This does nothing to stop the rise of GCCs.
In tech industry, we already began slowing down H1B hiring after COVID, and remote work only exacerbated that trend (I can't justify spending $150k plus an additional 25-35% in withholdings, medical, and benefits when I can hire 2-3 people with a similar outlay in Praha or Bangalore or Tel Aviv).
At least with H1B hiring, there was some incentive for industries like cybersecurity to keep some engineering headcount in the US. Now I have no reason not to completely offshore to Tel Aviv or Praha becuase the talent is there and not in the US.
This H1B change does nothing to solve the pipeline crisis nor does it solve offshoring (though even with a services tax, I'd be hard pressed to find the same ecosystem in the US like I can in Israel or Poland or even India for significant swaths of cybersecurity).
Finally, charging $100k per year per H1B employee means I can now justify a $1-10M investment in building a GCC abroad in CEE or India and availing tax benefits, subsidies, and tax holidays.

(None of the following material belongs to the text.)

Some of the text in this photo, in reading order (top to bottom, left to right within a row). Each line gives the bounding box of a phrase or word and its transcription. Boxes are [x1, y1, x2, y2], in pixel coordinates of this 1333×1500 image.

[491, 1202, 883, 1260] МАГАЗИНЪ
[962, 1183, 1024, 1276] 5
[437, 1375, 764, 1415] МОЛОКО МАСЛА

All this did is now incentivize me to push my portfolio companies to move hiring almost entirely abroad and choose a couple of high level PMs and EMs on H1Bs who would be open to becoming a Director of PM or Director of Engineering at a GCC abroad.
On top of that, the cream of the crop you want with a brain drain like academics in STEM fields, nurses, and doctors are sponsored on H1Bs.
America has a pipeline and skills problem in a lot of STEM fields and subfields, and coding bootcamp grads aren't going to cut it.
Cutting down on processing abuse by consultancies is something everyone can get behind, but this is literally the stupidest way to approach that problem.